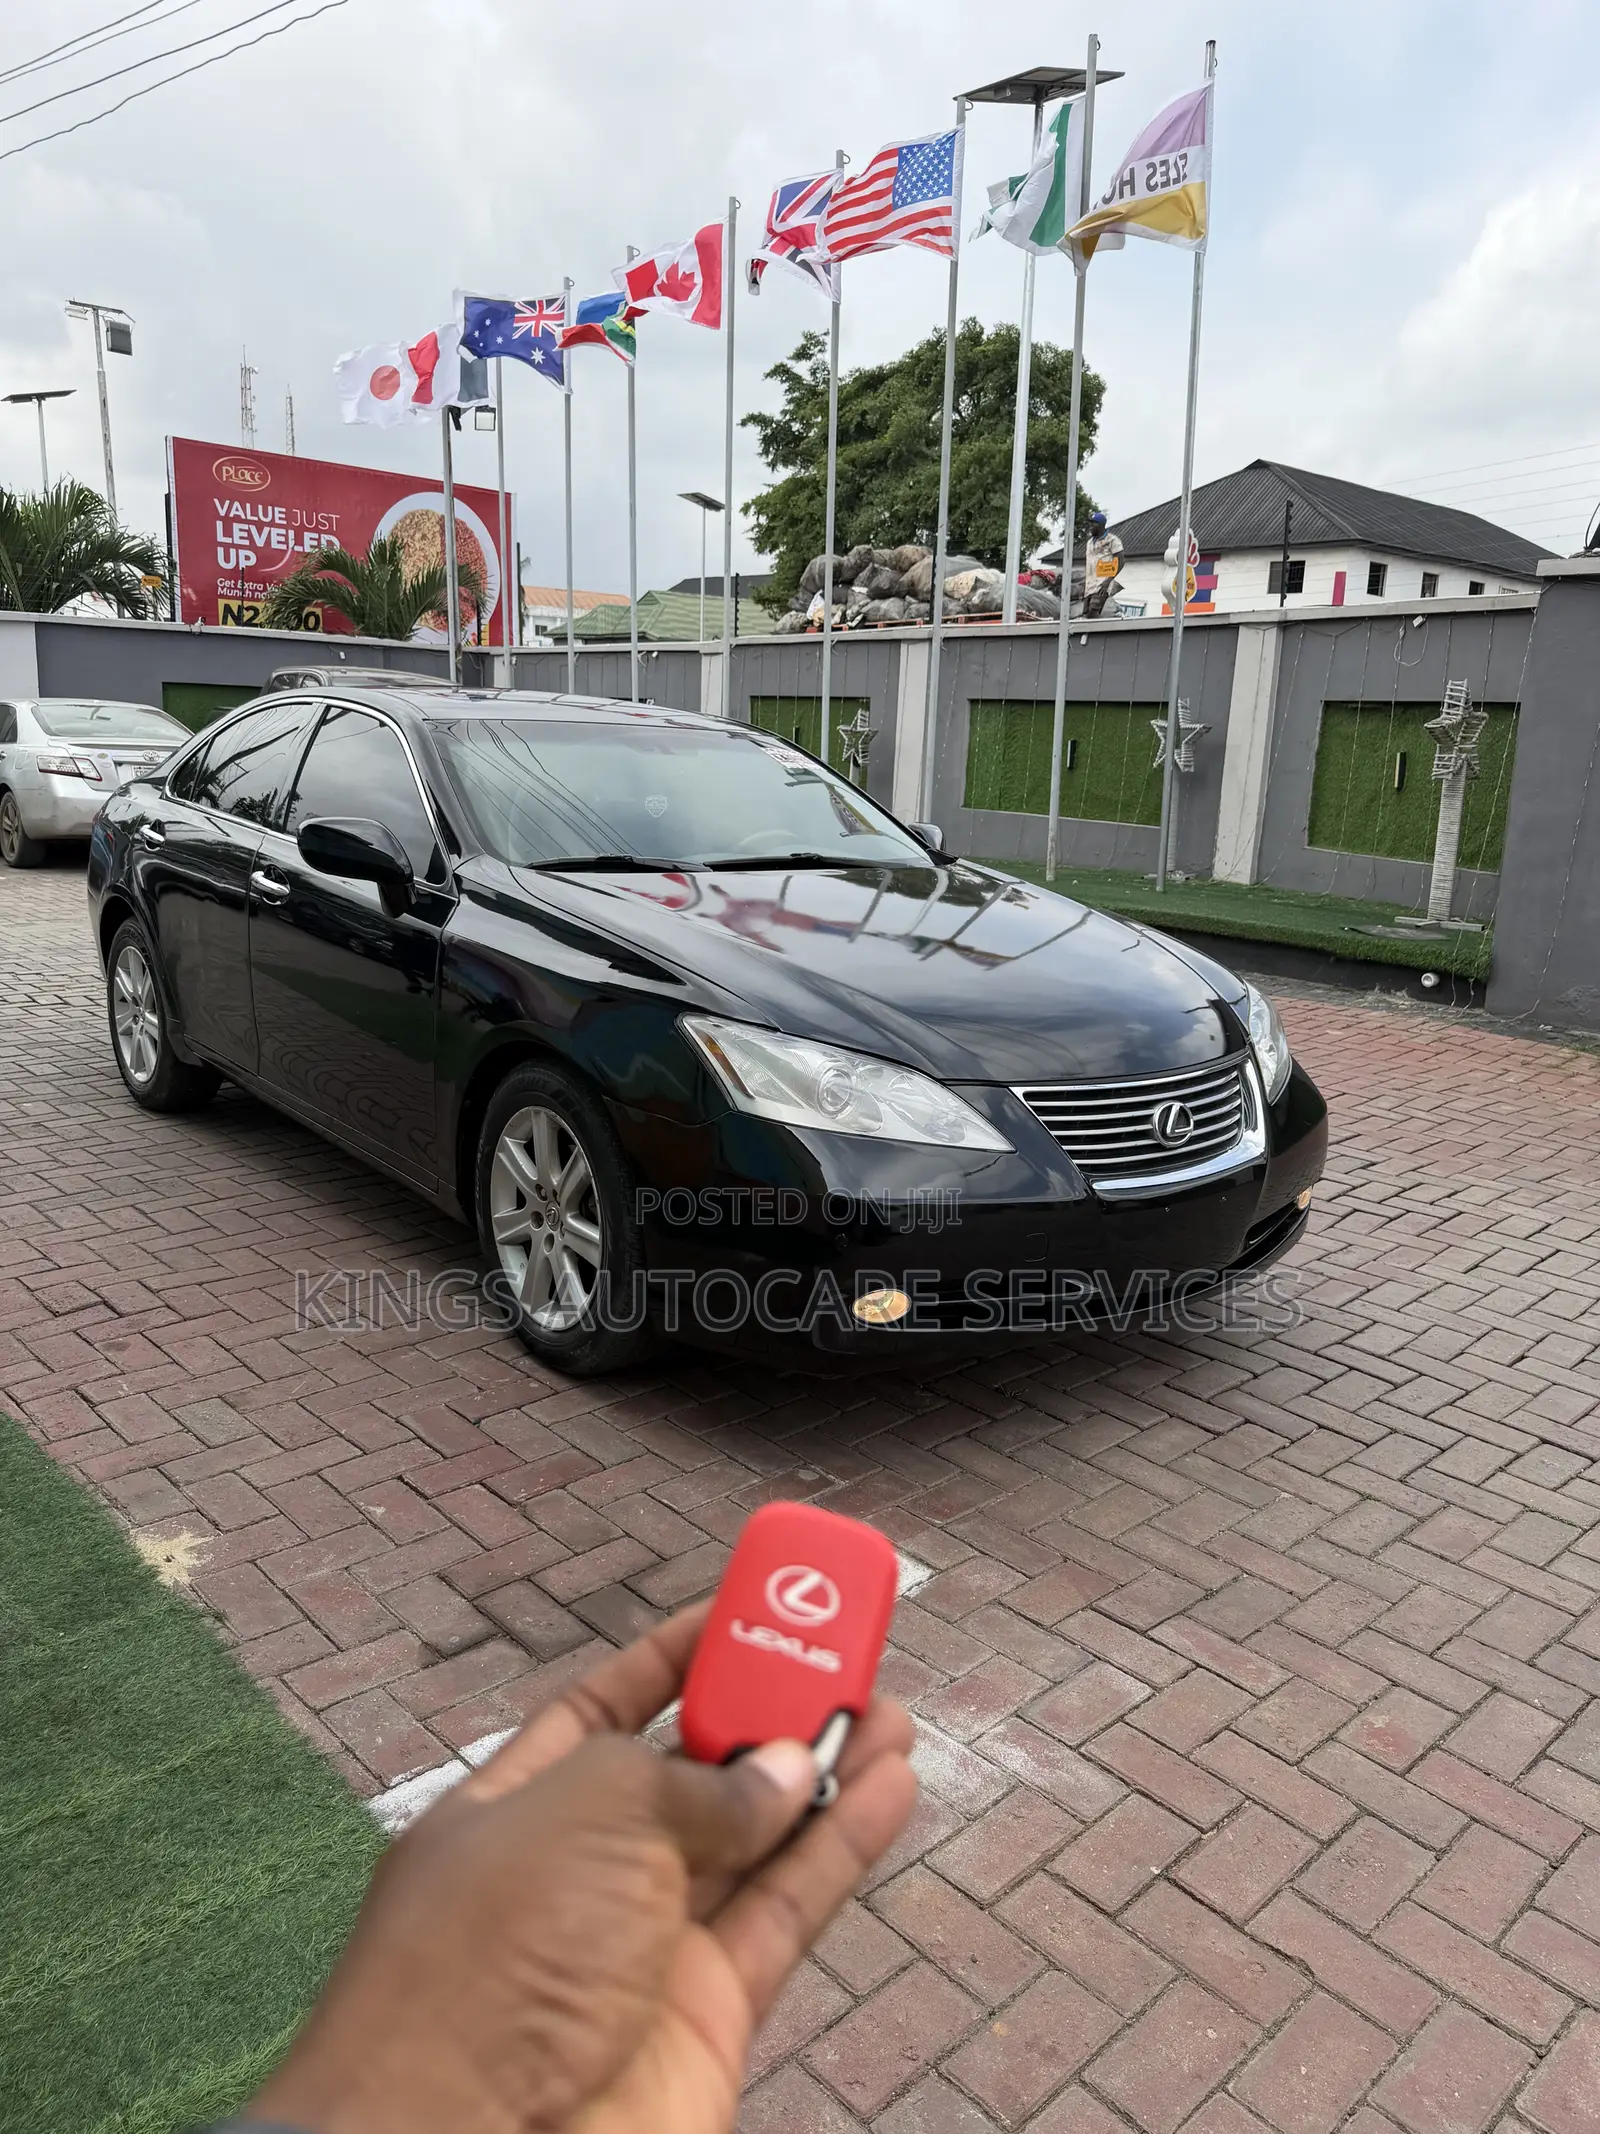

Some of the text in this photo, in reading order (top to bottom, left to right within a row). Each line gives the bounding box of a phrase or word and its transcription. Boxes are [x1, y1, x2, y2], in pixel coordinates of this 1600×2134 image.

[213, 498, 340, 531] VALUE JUST
[216, 520, 341, 553] LEVELED
[217, 546, 257, 570] UP
[217, 578, 235, 588] Get
[237, 580, 264, 591] Extra
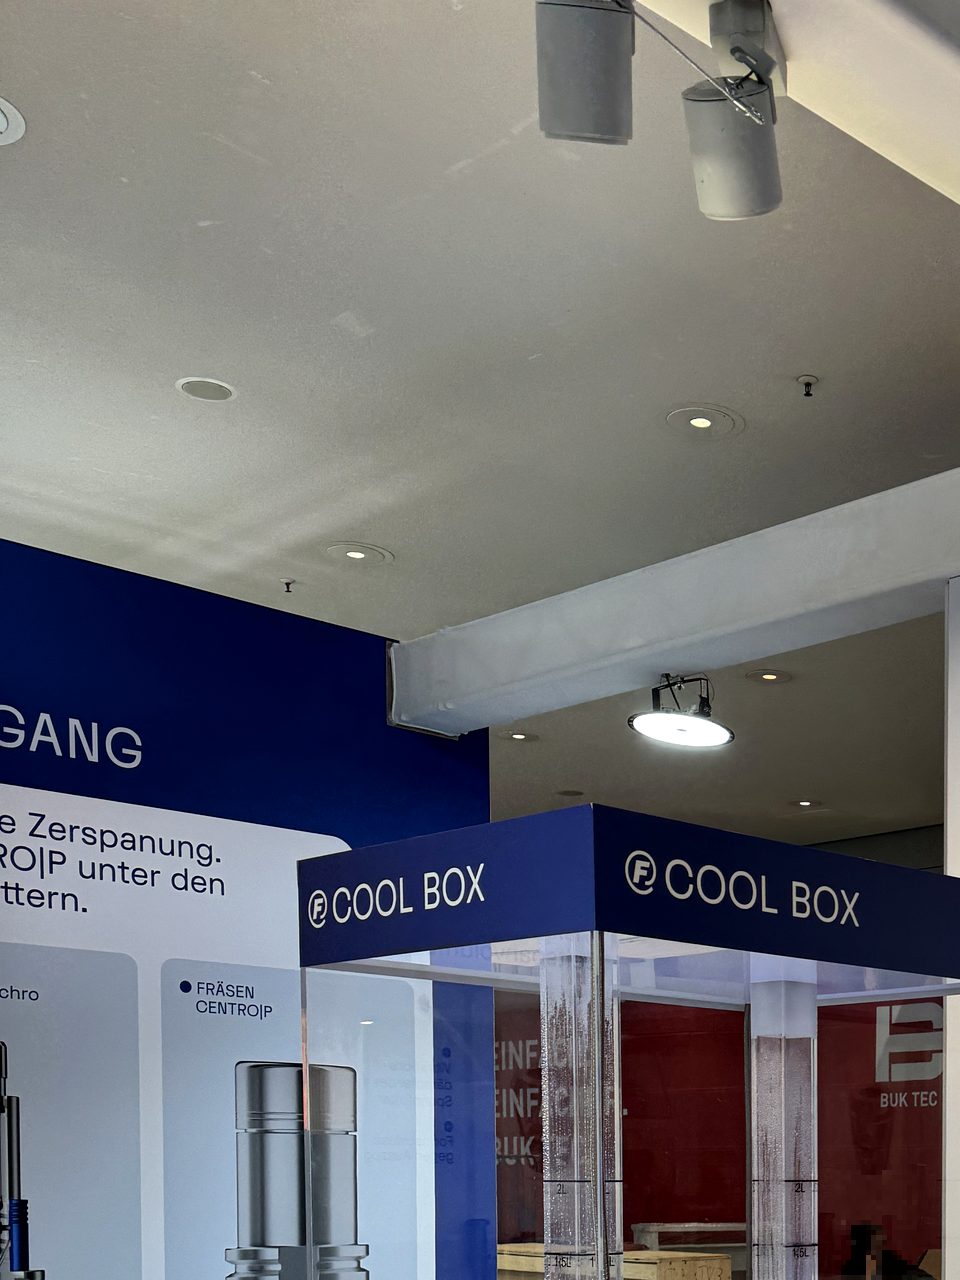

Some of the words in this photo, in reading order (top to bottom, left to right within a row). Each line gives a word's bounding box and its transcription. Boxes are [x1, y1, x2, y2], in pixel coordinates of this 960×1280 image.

[0, 704, 142, 769] GANG
[28, 812, 221, 867] Zerspanung.
[78, 860, 161, 887] unter
[171, 868, 225, 896] den
[332, 877, 414, 924] COOL
[423, 863, 485, 910] BOX
[665, 859, 778, 914] COOL
[792, 881, 860, 927] BOX
[0, 985, 39, 1001] chro
[197, 981, 254, 999] FRÄSEN
[880, 1092, 909, 1108] BUK
[912, 1090, 938, 1107] TEC
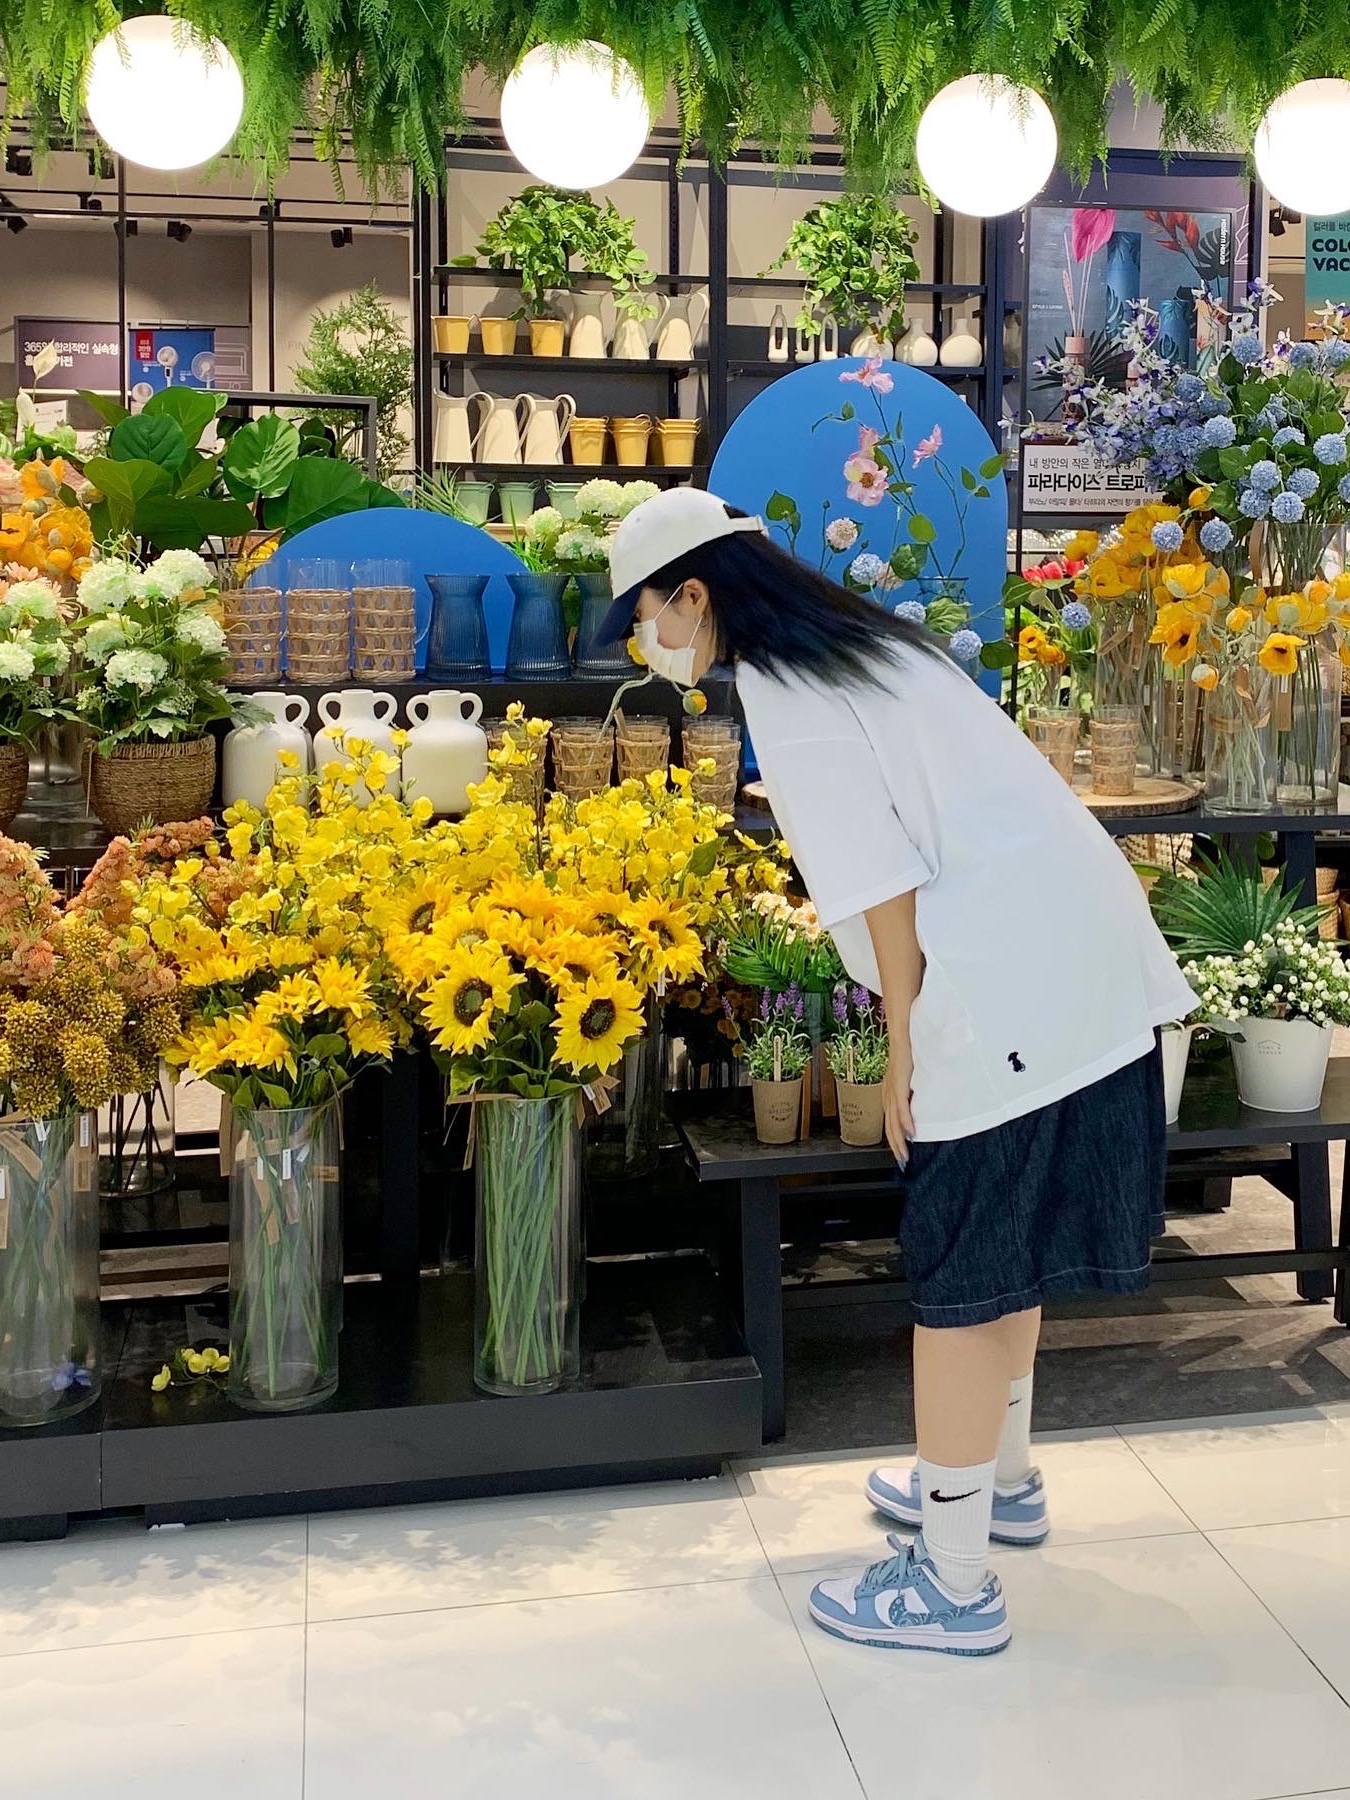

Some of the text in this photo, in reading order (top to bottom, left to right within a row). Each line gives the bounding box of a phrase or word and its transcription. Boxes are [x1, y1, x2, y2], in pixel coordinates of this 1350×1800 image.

■ ■ ■

Problem to work on: Without the pictures, reproduce every record exactly as it appears above.

Answer to the exercise:
Some of the text in this photo, in reading order (top to bottom, left to right within a row). Each line gives the bounding box of a phrase or word and its transcription. Boxes are [x1, y1, x2, y2], in pixel coordinates of this 1600×2134 image.

[213, 498, 340, 531] VALUE JUST
[216, 520, 341, 553] LEVELED
[217, 546, 257, 570] UP
[217, 578, 235, 588] Get
[237, 580, 264, 591] Extra

Some of the words in this photo, in reading order (top to bottom, left to right within a row). Each line gives a word's bounding box and its transcription. Boxes are [x1, y1, x2, y2], in pixel coordinates of this 960×1280 image.

[0, 704, 142, 769] GANG
[28, 812, 221, 867] Zerspanung.
[78, 860, 161, 887] unter
[171, 868, 225, 896] den
[332, 877, 414, 924] COOL
[423, 863, 485, 910] BOX
[665, 859, 778, 914] COOL
[792, 881, 860, 927] BOX
[0, 985, 39, 1001] chro
[197, 981, 254, 999] FRÄSEN
[880, 1092, 909, 1108] BUK
[912, 1090, 938, 1107] TEC

Some of the text in this photo, in reading order (top to bottom, left to right within a row). Each line gives the bounding box of a phrase or word and its transcription. Boxes are [x1, y1, x2, y2], in pixel coordinates of this 1350×1800 image.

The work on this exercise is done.